The severity and variety of the obstacles encountered during this three-mile, six-furlong marathon makes it a very big ask for visiting first-timers.
Even in a year like this, when the home team has no outstanding candidate, it is hard to fancy Al Boum Photo, Franco De Port or the fourth Irish candidate, Screaming Colours, simply because they have never seen Auteuil’s chase fences before.
So maybe Burrows Saint, fifth in this three years ago, will fare best of the overseas raiders – he fell too early at Aintree last time to know if he might have improved upon his fourth place there the previous year, granted a clear round.
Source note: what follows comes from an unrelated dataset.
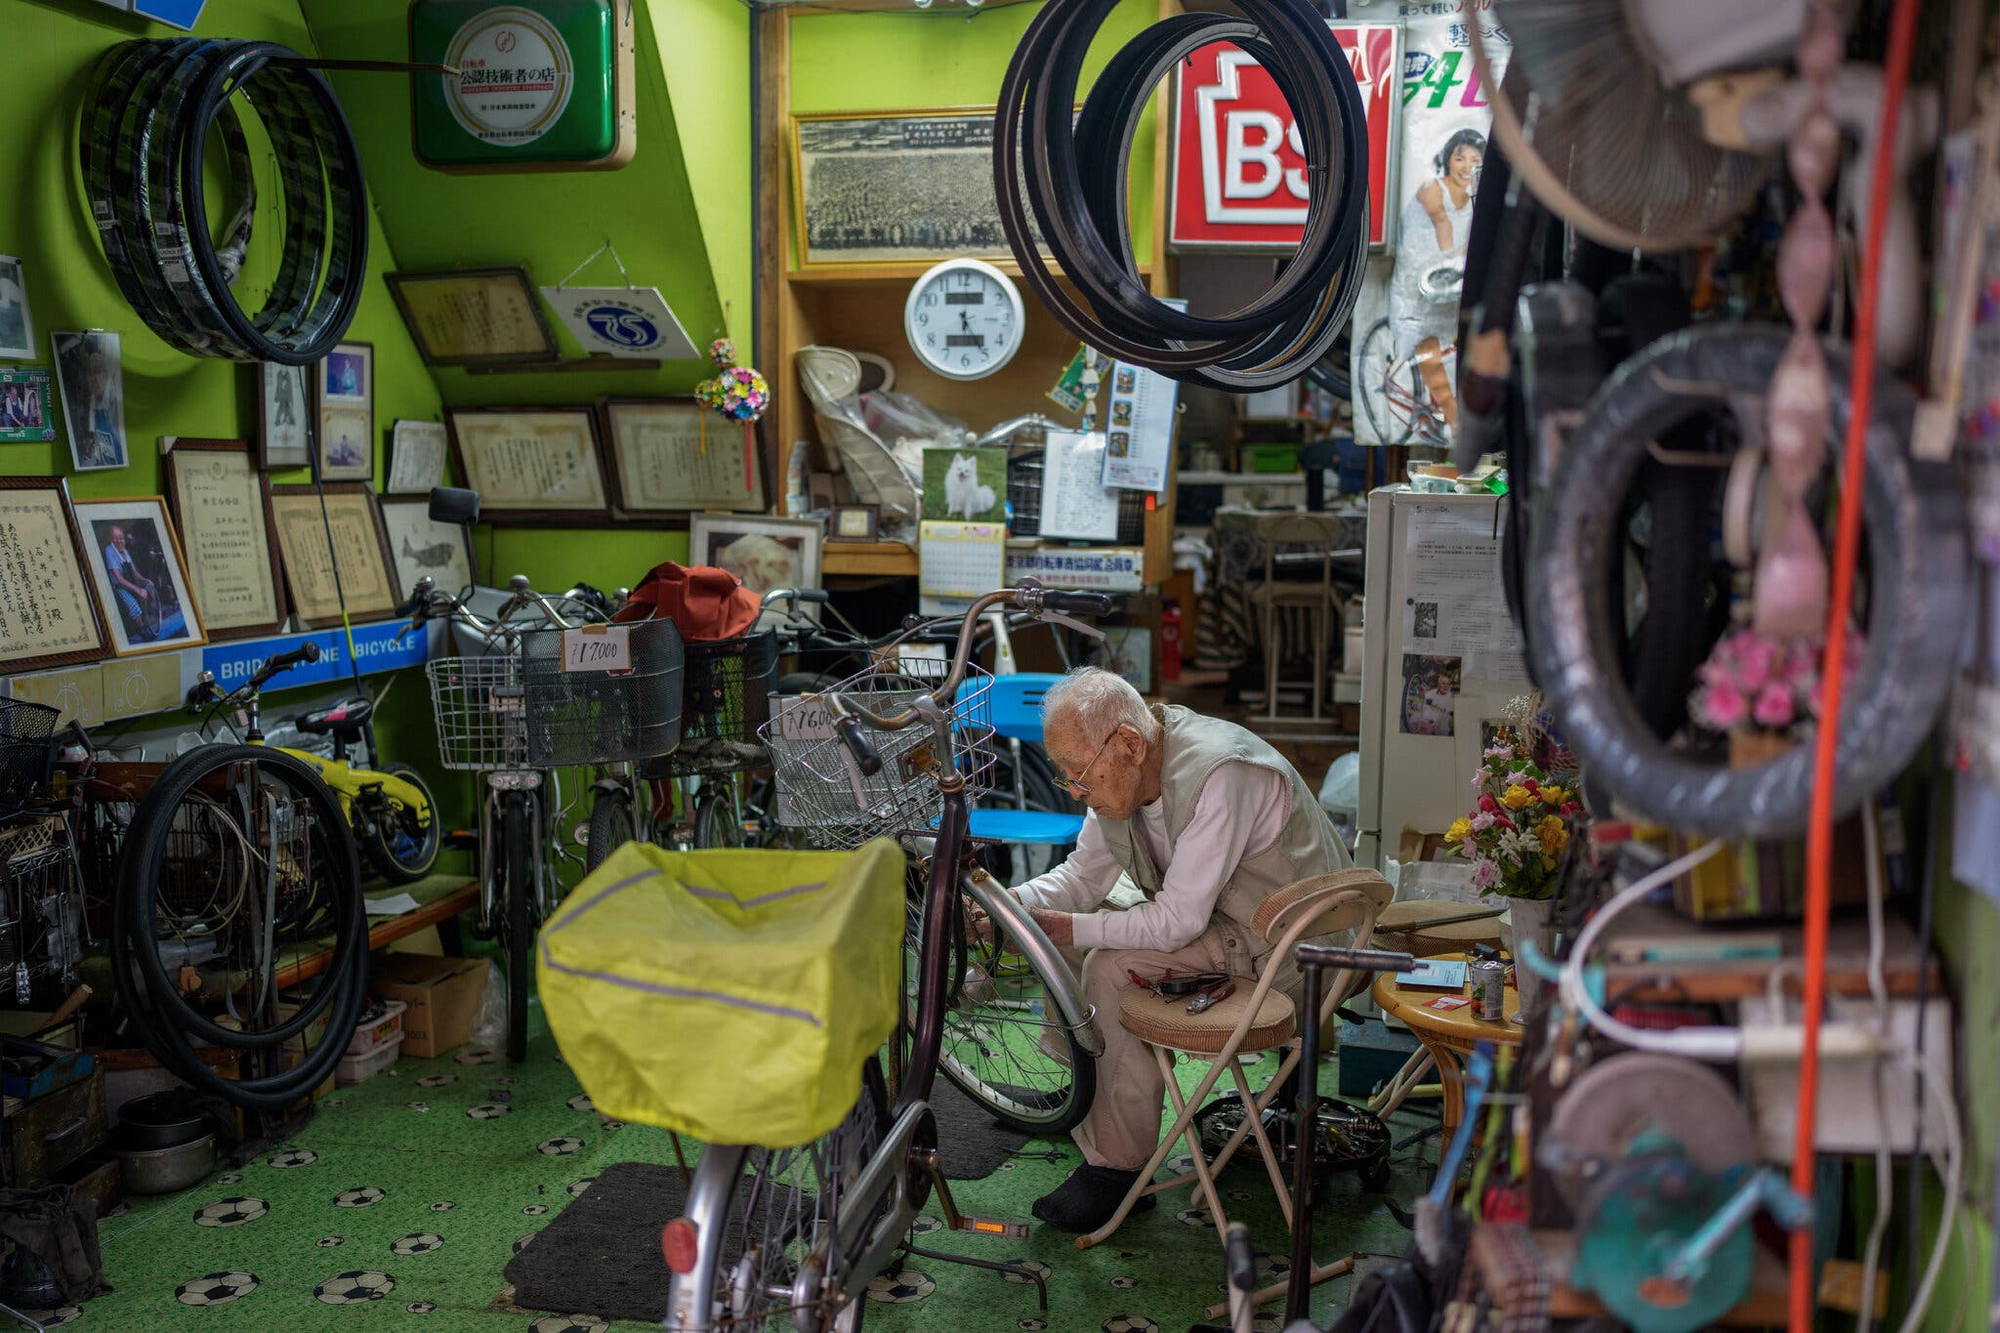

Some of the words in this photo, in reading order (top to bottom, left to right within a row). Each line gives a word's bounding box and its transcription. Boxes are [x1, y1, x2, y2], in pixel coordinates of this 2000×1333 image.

There can be no doubting Al Boum Photo’s quality, but he has had a reasonably hectic schedule of late and may not be quite at his best; Franco De Port hasn’t won a race of any kind since 2020; and Screaming Colours will be doing well to adapt to Auteuil’s unique demands at the grand old age of 11.
Guillaume Macaire has produced five-year-olds to win this three times in the last eight years so his Sel Jem, another of that generation, appeals as the most likely winner ahead of his stablemate and recent Prix Ingre conqueror, Feu Follet.
SELECTION: SEL JEM Next Best: Feu Follet
There are two Grade 1s restricted to four-year-olds on the Grand Steep’ undercard, one the €320,000 Prix Ferdinand Dufaure, a 2m 6f chase, and the other, the €250,000 Prix Alain du Breil, a hurdle over 2m 3f 110y.
After a surprise result in the main course and distance trial, the Prix Jean Stern, the 12-runner Ferdinand Dufaure has an open look. It may pay to give Arnaud Chaillé-Chaillé’s Latino Des Isles, only third in that race, another chance in the hope that he will not repeat an uncharacteristically shoddy round of jumping.
Chaillé-Chaillé should also be the man to follow in the 10-runner Alain du Breil as his Hawai du Berlais, never out of the first two in six career starts, looked to be back to her very best when beating five of these rivals in the Prix Amadou.